The Economist concluded, “merging public and private money will always be hard, and early hopes may simply have been too starry-eyed. A trillion-dollar market seems well out of reach. Even making it to the hundreds of billions a year may be a stretch”.
Public finance, private profits
An early 2018 World Bank review of regulatory frameworks for procuring PPP infrastructure projects came up with a long list of shortcomings in both developed and developing countries.
It found poor “government capabilities to prepare, procure, and manage such projects constitutes an important barrier to attracting private sector investments”. Thus, authorities often failed to consider PPPs’ fiscal implications, risks of opportunistic renegotiations and lack of transparency.
A 2018 European Court of Auditors report recommended that the EU and member states “should not promote a more intensive and widespread use of PPPs until the issues identified in this report are addressed”.
It had found “widespread shortcomings and limited benefits, resulting in €1.5 billion of inefficient and ineffective spending. In addition, value for money and transparency were widely undermined, particularly by unclear policy and strategy, inadequate analysis, off-balance-sheet recording of PPPs and unbalanced risk-sharing arrangements.”
Likewise, a 2018 UK National Audit Office report noted that it has “been unable to identify a robust evaluation of the actual performance of private finance at a project or programme level.” It also found the costs of one group of PPP projects in education around 40% higher than for a project financed by government borrowing.

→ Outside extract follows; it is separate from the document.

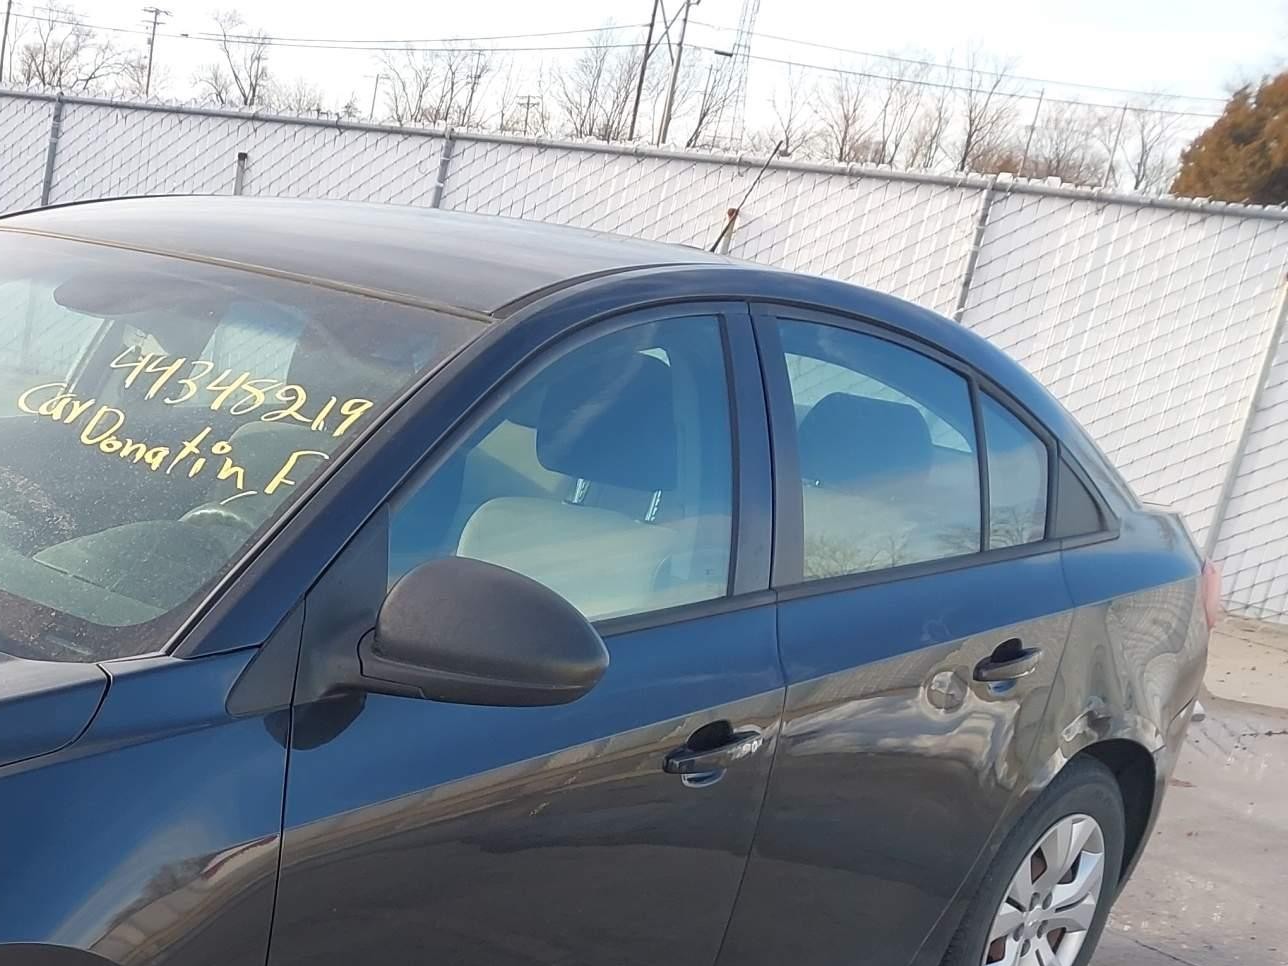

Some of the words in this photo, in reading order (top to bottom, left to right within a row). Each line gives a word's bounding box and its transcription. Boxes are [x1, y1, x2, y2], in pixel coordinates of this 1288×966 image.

[17, 382, 96, 424] Car
[264, 450, 329, 494] F
[110, 345, 374, 437] 44348219

Similarly, the Australian Auditor-General’s report on private health sector involvements concluded, “It appears governments have embarked on the path of increased privatisation without the benefit of rigorous analysis of the benefits and costs. Individual examples of privatisation have highlighted many problems which have resulted in costs rather than savings to the public purse”.
A more recent study concluded, “The mixed public-private funding and provision has had a deleterious effect on the Australian hospital system”. Clearly, PPPs have been much abused, even in developed countries with presumably better regulatory, governance and oversight capacities and capabilities than in most developing countries.
Mobilizing finance for private partners
In October 2017, ahead of the World Bank Group annual meeting, 152 organizations from 45 countries issued a manifesto opposing “the dangerous rush to promote expensive and high-risk public-private partnerships (PPPs)”. It pointed out that the “experience of PPPs has been overwhelmingly negative and very few PPPs have delivered results in the public interest”.
The World Bank’s Public Private Partnership in Infrastructure Resource Center (PPPIRC) has identified ten important risks of PPPs, such as “development, bidding and ongoing costs in PPP projects are likely to be greater than for traditional government procurement processes”.
The PPPIRC warned that “the cost has to be borne either by the customers or the government through subsidies”, and that the “private sector will do what it is paid to do and no more than that”.
Thus, there are serious doubts about the extent to which governments can count on the private sector to support sustainable development. Yet, the Bank claims unambiguously, “PPPs are increasingly recognized as a valuable development tool by governments, firms, donors, civil society, and the public”.
With the current World Bank leadership trying to reduce developing countries’ debt, it may well abandon the former Obama-appointed World Bank President’s MFD. But it also seems to be eschewing banks’ financial intermediation role of raising and lending funds at low cost to developing countries.